Work to be completed -
Omit all pictures, then repeat the listing exactly.

Provided material -
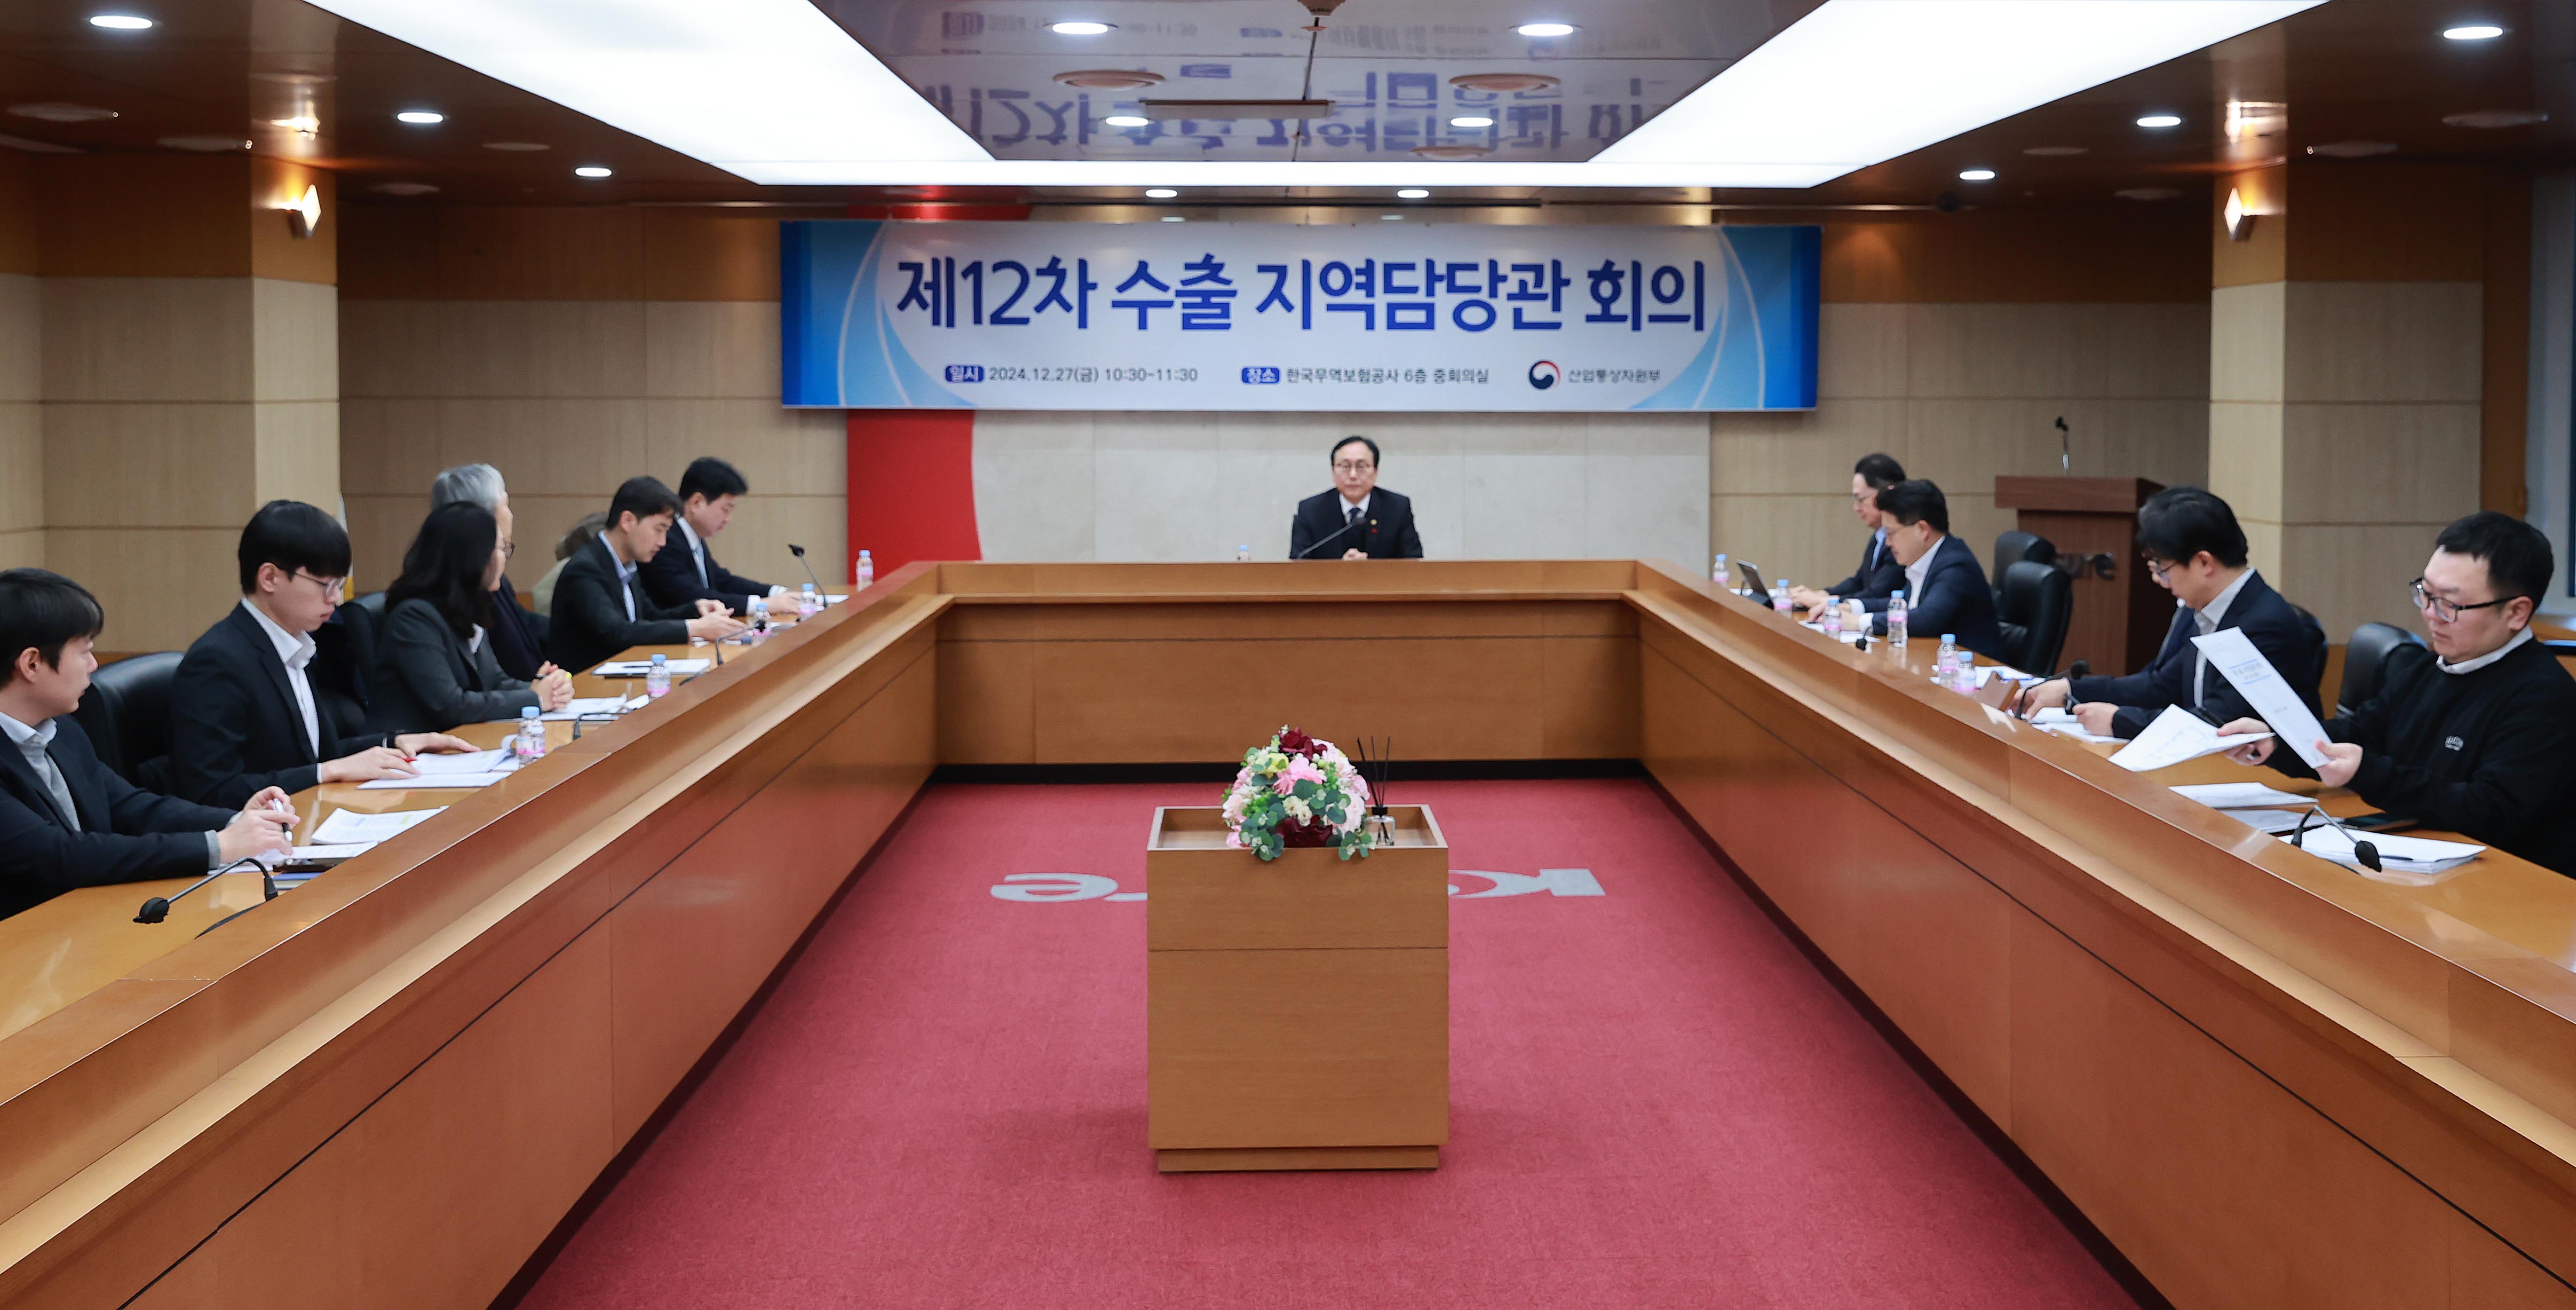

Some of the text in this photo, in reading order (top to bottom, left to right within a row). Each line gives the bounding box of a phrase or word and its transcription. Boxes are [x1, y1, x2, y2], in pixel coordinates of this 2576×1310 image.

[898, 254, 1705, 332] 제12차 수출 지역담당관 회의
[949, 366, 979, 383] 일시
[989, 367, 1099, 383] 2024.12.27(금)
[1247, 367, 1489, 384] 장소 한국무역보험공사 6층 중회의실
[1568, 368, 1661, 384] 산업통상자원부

Output of the exercise -
Some of the text in this photo, in reading order (top to bottom, left to right within a row). Each line gives the bounding box of a phrase or word and its transcription. Boxes are [x1, y1, x2, y2], in pixel coordinates of this 2576×1310 image.

[898, 254, 1705, 332] 제12차 수출 지역담당관 회의
[949, 366, 979, 383] 일시
[989, 367, 1099, 383] 2024.12.27(금)
[1247, 367, 1489, 384] 장소 한국무역보험공사 6층 중회의실
[1568, 368, 1661, 384] 산업통상자원부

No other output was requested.